Department of Otolaryngology-Head and Neck Surgery, Graduate School of Medicine, Kyoto University, Kyoto, Japan.
Department of Otolaryngology, Tenri Hospital, Tenri, Nara, Japan.
J Voice. 2022 Jan;36(1):15-20. doi: 10.1016/j.jvoice.2020.02.009. Epub 2020 Mar 13.
Auditory-perceptual voice analysis is a standard method for quantifying pathological voice quality, but perceptual ratings are based on subjective evaluations and therefore may vary among examiners. Although many acoustic metrics have been studied for potential use in the objective evaluation of pathological voices, the interpretation of acoustic metrics in individual cases is difficult and the technique is not widely used by clinicians. The aim of this study was to establish standardized methods to discriminate grade, roughness, breathiness, asthenia, strain (GRBAS) scale scores of pathological voices directly using one-dimensional convolutional neural network (1D-CNN) models.

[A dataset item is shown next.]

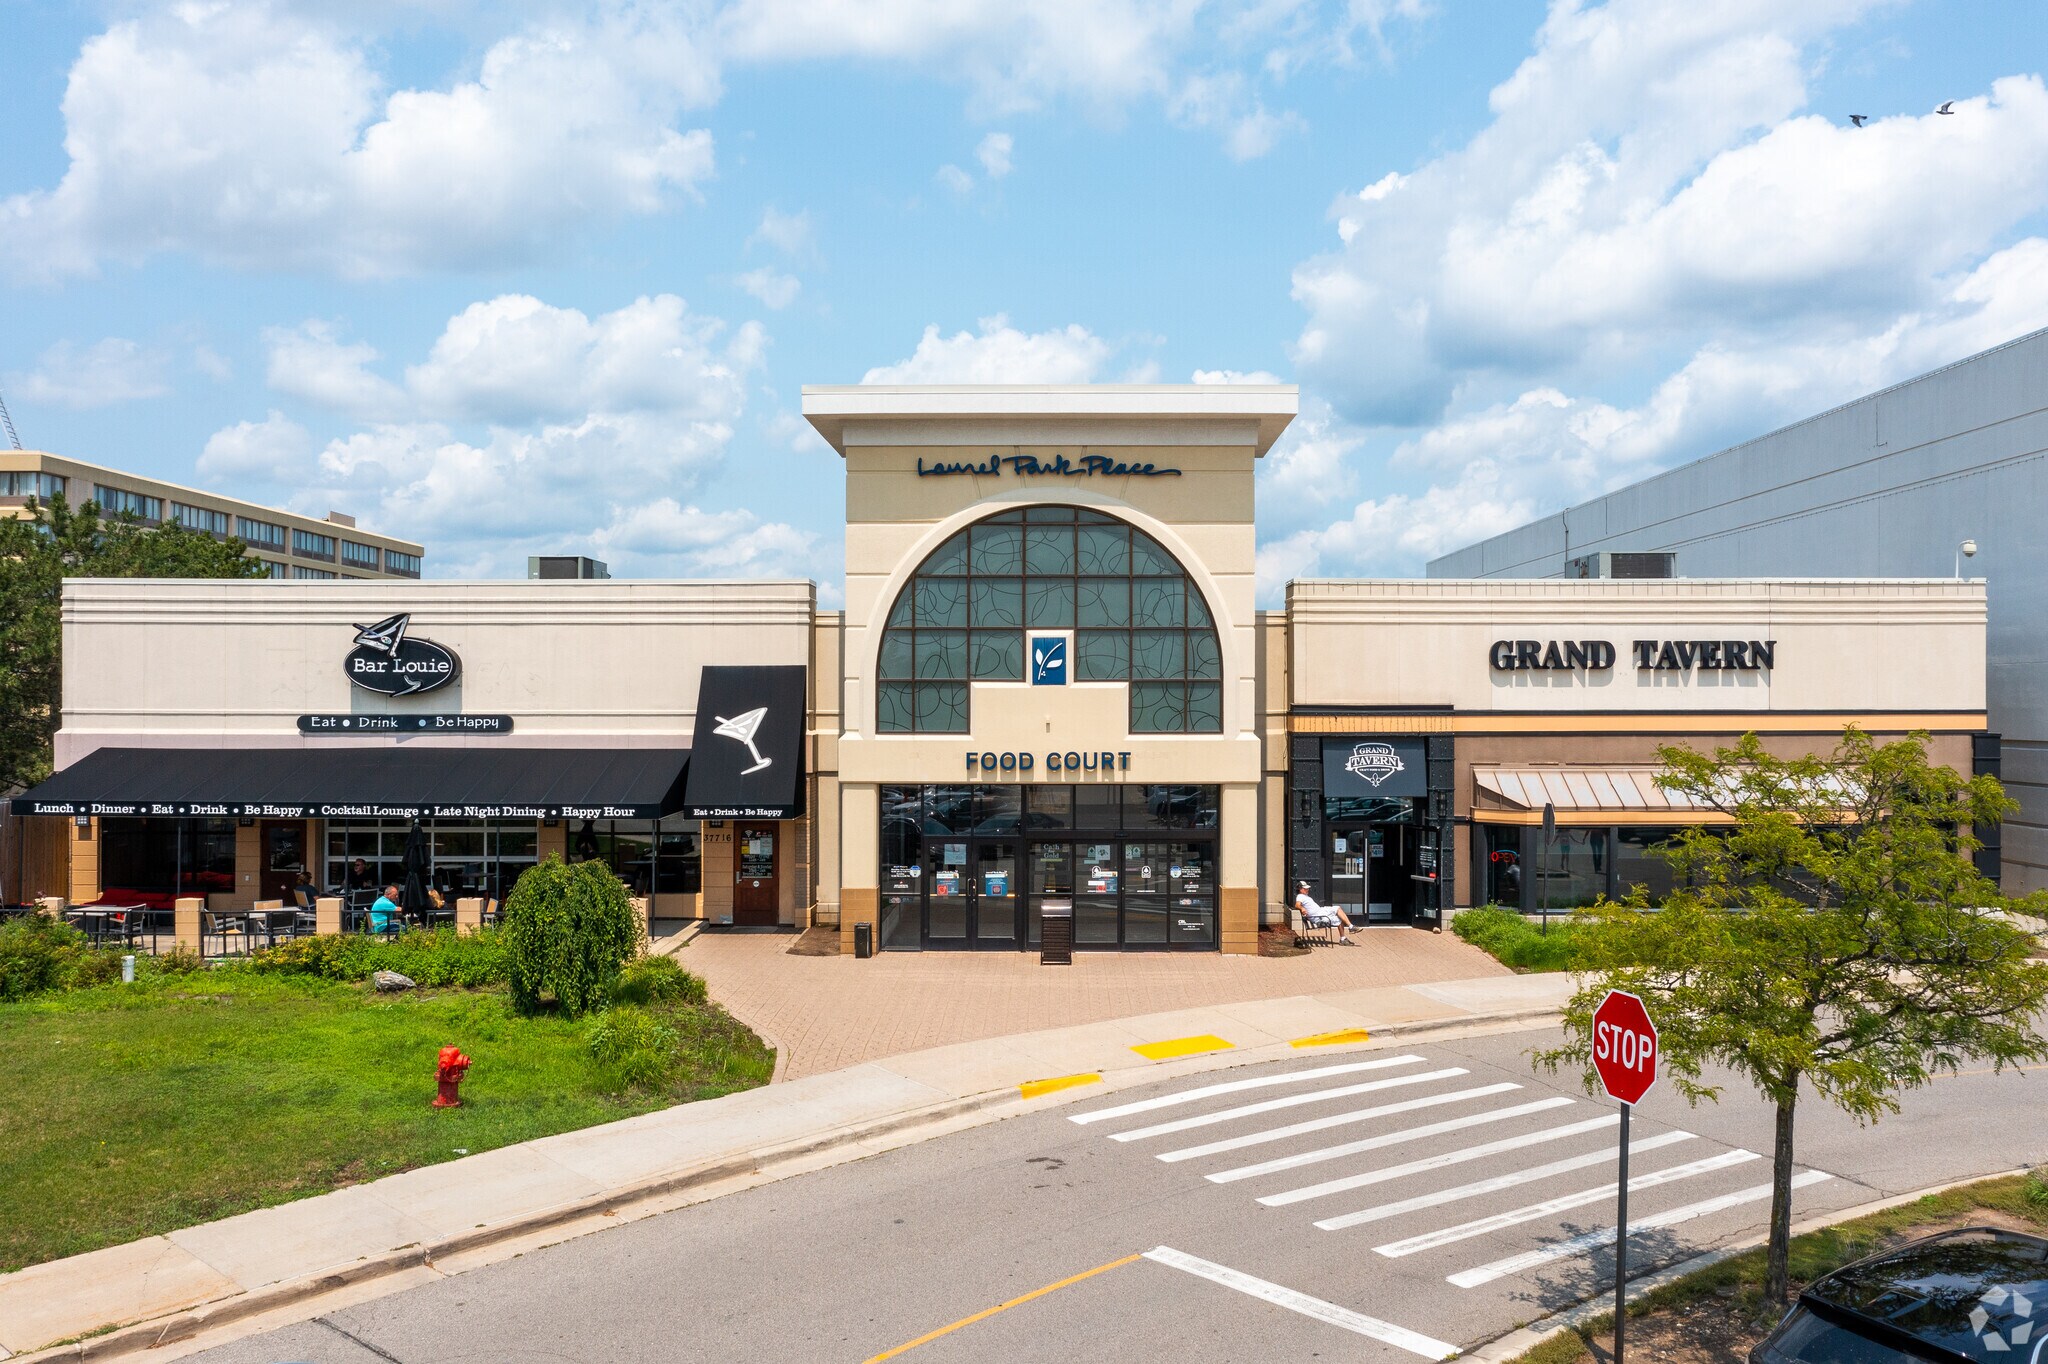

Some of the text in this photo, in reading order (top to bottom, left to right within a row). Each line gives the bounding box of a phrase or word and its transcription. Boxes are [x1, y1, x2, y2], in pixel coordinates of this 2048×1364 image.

We constructed an original dataset utilizing 1,377 voice samples of sustained phonation of the vowel /a/. Each voice sample was rated by three experts according to the GRBAS scale and the median values were used as the correct answer label. We designed an end-to-end 1D-CNN model with a raw voice waveform input having a frame width of 9,600 samples. The models were trained with our original dataset for each GRBAS category individually and the model performance was tested by the five-fold cross validation method.
The accuracy, F1 score, and quadratic weighted Cohen's kappa for the testing dataset were determined. The metrics for the G scale showed the most balanced model performance, with high accuracy (0.771) and substantial agreement (kappa = 0.710). The model for the R scale had relatively high accuracy (0.765) and F1 score (0.743) with moderate agreement (kappa = 0.536). The accuracy (0.883) and the F1 score (0.865) for the S scale were the highest among the five categories, whereas the Cohen's kappa was the lowest (0.190).
The end-to-end 1D-CNN models can evaluate overall pathological voice quality with a reliability comparable to human evaluations. The efficiency with which the machine learning models can be trained and evaluated is closely related to the dataset quality.
听觉感知语音分析是量化病理性嗓音的标准方法,但感知评分基于主观评估,因此可能因检查者而异。虽然已经研究了许多声学指标来潜在地用于病理性嗓音的客观评估,但在个别情况下解释声学指标较为困难,该技术也未被临床医生广泛使用。本研究的目的是建立标准化方法,直接使用一维卷积神经网络(1D-CNN)模型区分病理性嗓音的 GRBAS(嘶哑、粗糙、气息声、无力、紧张)量表评分。
我们利用持续发/a/元音的 1377 个语音样本构建了一个原始数据集。每个语音样本均由三位专家根据 GRBAS 量表进行评分,中位数被用作正确答案标签。我们设计了一个端到端的 1D-CNN 模型,其输入为原始语音波形,帧宽为 9600 个样本。每个 GRBAS 类别均使用我们的原始数据集单独训练模型,并使用五重交叉验证方法测试模型性能。
确定了测试数据集的准确性、F1 分数和二次加权 Cohen's kappa。G 量表的指标显示出最平衡的模型性能,具有较高的准确性(0.771)和较大的一致性(kappa=0.710)。R 量表的模型具有相对较高的准确性(0.765)和 F1 分数(0.743),具有中等一致性(kappa=0.536)。五个类别中,S 量表的准确性(0.883)和 F1 分数(0.865)最高,而 Cohen's kappa 最低(0.190)。
端到端的 1D-CNN 模型可以评估整体病理性嗓音质量,其可靠性可与人类评估相媲美。机器学习模型的训练和评估效率与数据集质量密切相关。